Starlet Barrymore plays the daughter of Star Kay Francis. The plot requires Diana to don a middy blouse and pretend she is twelve in order to keep from her mother's suitor (John Boles) the fact that Mother Francis is fortyish. In the complicated course of this deception, Diana also fools a charming young man (Robert Cummings), who buys her roller skates and ice-cream sodas, tries to teach her to skate before his normal eyesight asserts itself and he realizes she is old enough to be his wife.

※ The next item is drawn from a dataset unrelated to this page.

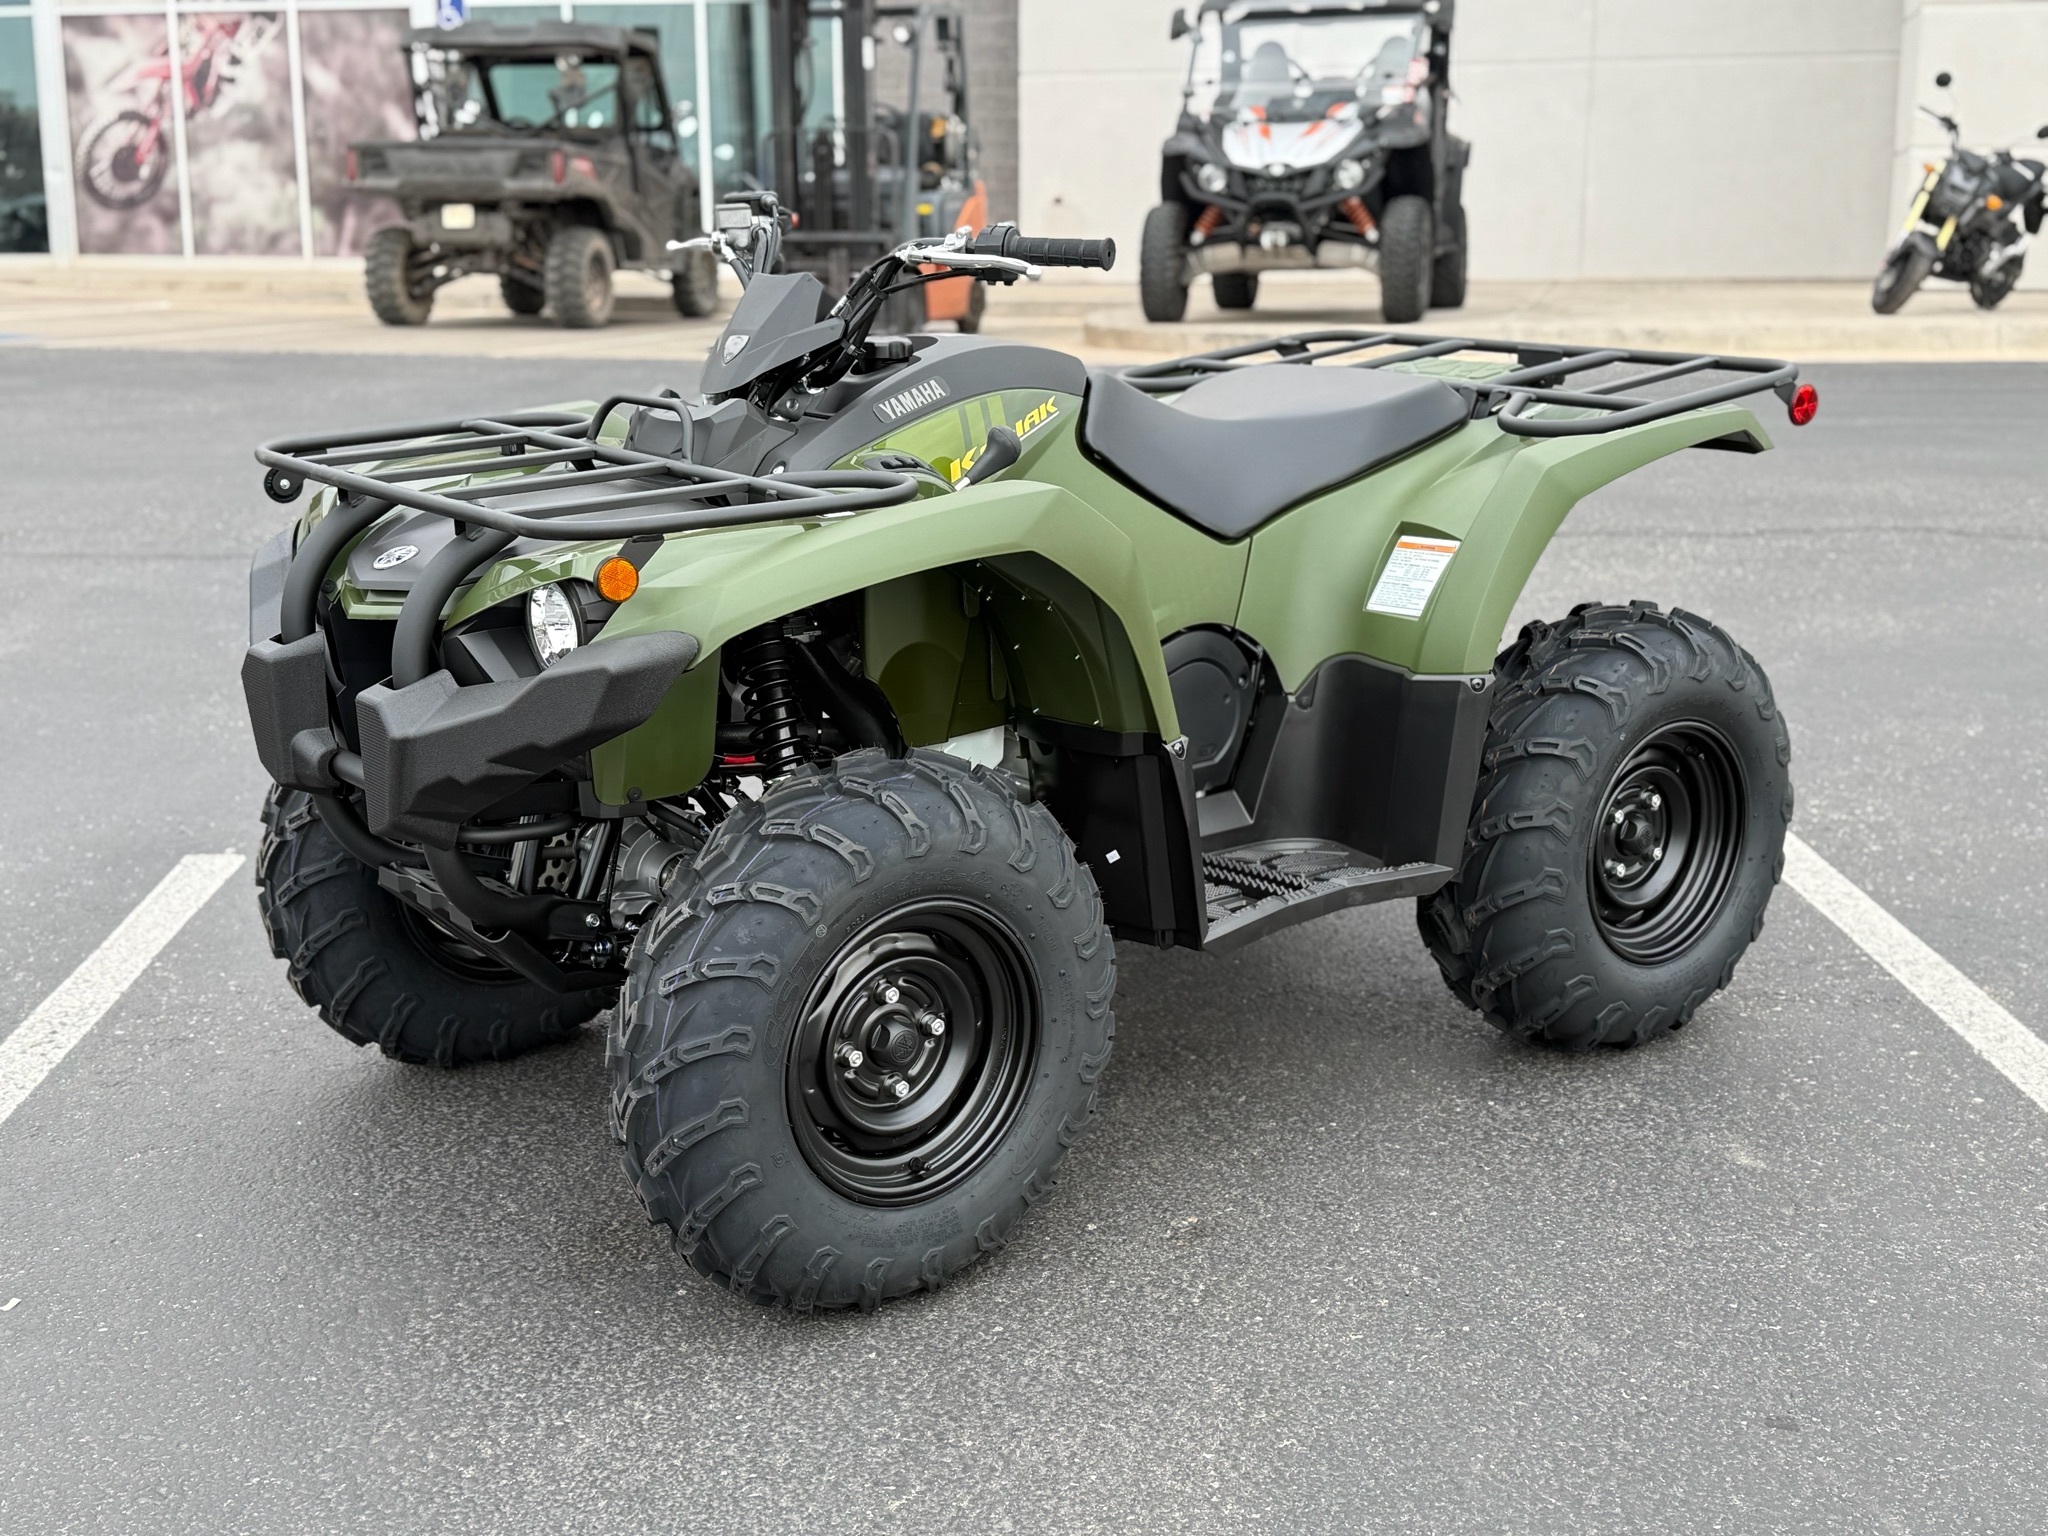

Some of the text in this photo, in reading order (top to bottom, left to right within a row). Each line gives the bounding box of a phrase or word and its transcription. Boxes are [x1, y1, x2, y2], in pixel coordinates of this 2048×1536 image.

One evening when Diana Barrymore was 19, and the youngest, most submerged guest at a sedate dinner, she was suddenly observed to be eating her soup from a standing position. It wasn't a stunt; it was a natural and innocent way of bringing the gathering into proper focus. Father John Barrymore and Mother Michael Strange were divorced when Diana was seven. From seven to twelve she was entombed in a Parisian convent school. She subsequently attended the Garrison-Forest School near Baltimore, which nearly went out of business once when Father John paid her a call. She also had a go at Manhattan's Brearley and a string of other seminaries.

A year at the Dalton School was the most successful; the Dalton feeling is that one should express oneself. Diana did.

Year after that her mother, born a Newport Oelrichs, saw Diana smolderingly through a slam-bang debut at Manhattan's River Club. It was Brenda Frazier's season. The late Cholly Knickerbocker ticketed Diana as Personality Deb of the Year, swore she could have outstripped blazing Brenda as Glamor Girl if she had half tried. Diana palled around with Brenda a little, was reported engaged to Anthony Duke, Francis Kellogg, Harry Ellerbee (whom she called Poopsie), Sir William Wrixon-Becher, and a convoy of others, including Actor Bramwell Fletcher. Last summer, yes—she married him.

Diana wanted to act. She studied at the American Academy of Dramatic Arts. She got a part in the road production of Outward Bound. Diana first hit Broadway in The Romantic Mr. Dickens, moving the Times's Brooks Atkinson to declare that she was the one bit of meat which made that turkey worth sitting down to.

On tour in Outward Bound, she first really made her father's acquaintance. The story that he made a pass at her before he knew she was his own daughter is apocryphal. They met at the train, and it was not until he had known her several minutes that he proudly declared that he was in love with her. Said John Barrymore to the press: "Isn't she lovely! I worked like hell on Hamlet and Richard III but she was the best thing I ever produced!"